My guess is that there will once again be one, two, and four chip versions. T&L could come in the form of a seperate chip, but due to all this talk about modularity, I'm beginning to suspect it may just be a part of the chip itself. This is all speculation, though.

When we come to the pixel processor, however, things start getting sketchy. We know its a completely new architecture, with absolutely no connections to the Voodoo line. We've heard rumblings about allocatable texturing units. Basically, what it comes down to is the fact that we don't really know any specifics. Or at least I don't. But, I can make what I think are educated guesses of its performance relative to today's architectures. Here they are:
  • single chip, .18 micron process
  • 250MHz clock
  • 4 pixel pipelines, 1 texel/pixel
  • support for ddr memory
Now, this doesn't take into account any advanced features it may have, but they won't be important for the games that are available now. Basically, it will be like a hypothetical Voodoo5-5500 overclocked to 250MHz in today's games. That puts it smack in the middle of today's V5-5500 and V5-6000. 1Gpixel/sec. And that's just the low-end version. The two and four chip versions will offer 2 and 4 Gpixels/sec.
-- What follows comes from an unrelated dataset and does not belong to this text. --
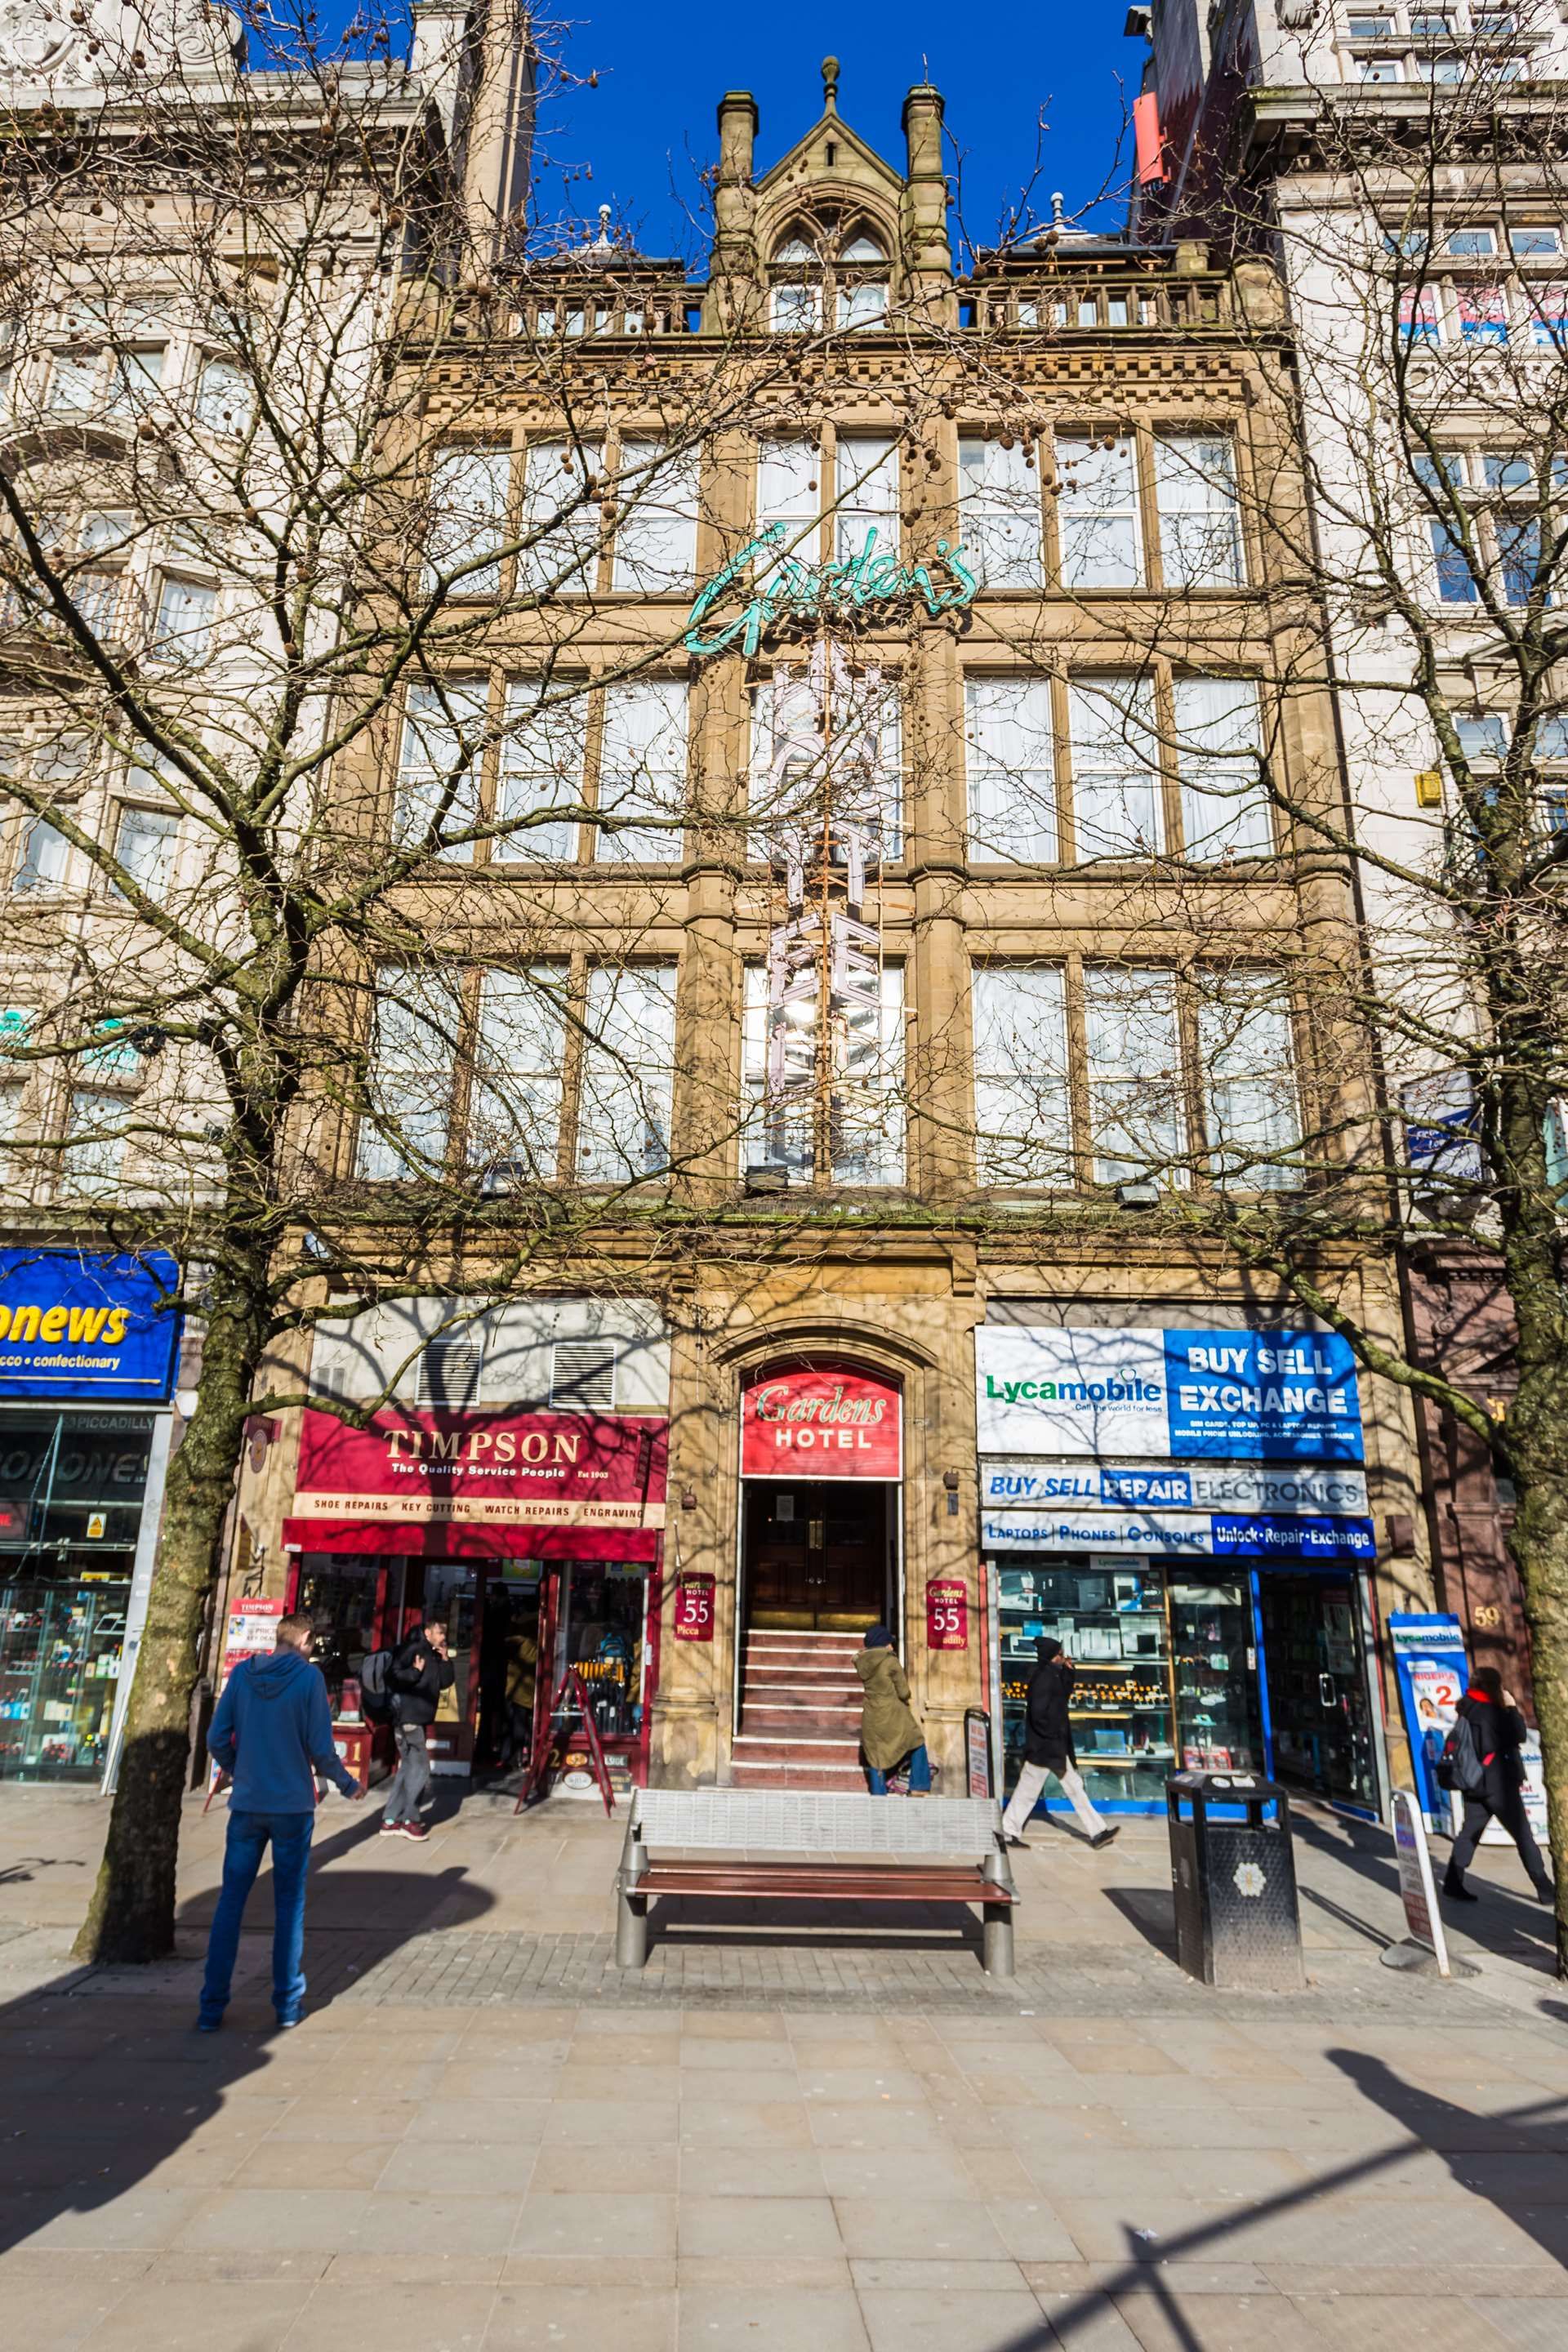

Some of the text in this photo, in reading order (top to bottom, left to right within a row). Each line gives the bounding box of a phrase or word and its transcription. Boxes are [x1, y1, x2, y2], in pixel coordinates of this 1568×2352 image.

As for the T&L unit... We know it's called S.A.G.E., which most interperate to mean Scalable Architecture - Geometry Engine. Once again, the details are fuzzy - it could be a module on the Rampage chip itself, or a seperate chip. Since it has been said that the new chip will be produced on the .15/.18 process, my guess is that S.A.G.E. is just a module on the chip, unless both the Rampage chip and the geometry part are very large. All indications up till now, however, are that it will offer sowhere near 75 Mtriangles/sec.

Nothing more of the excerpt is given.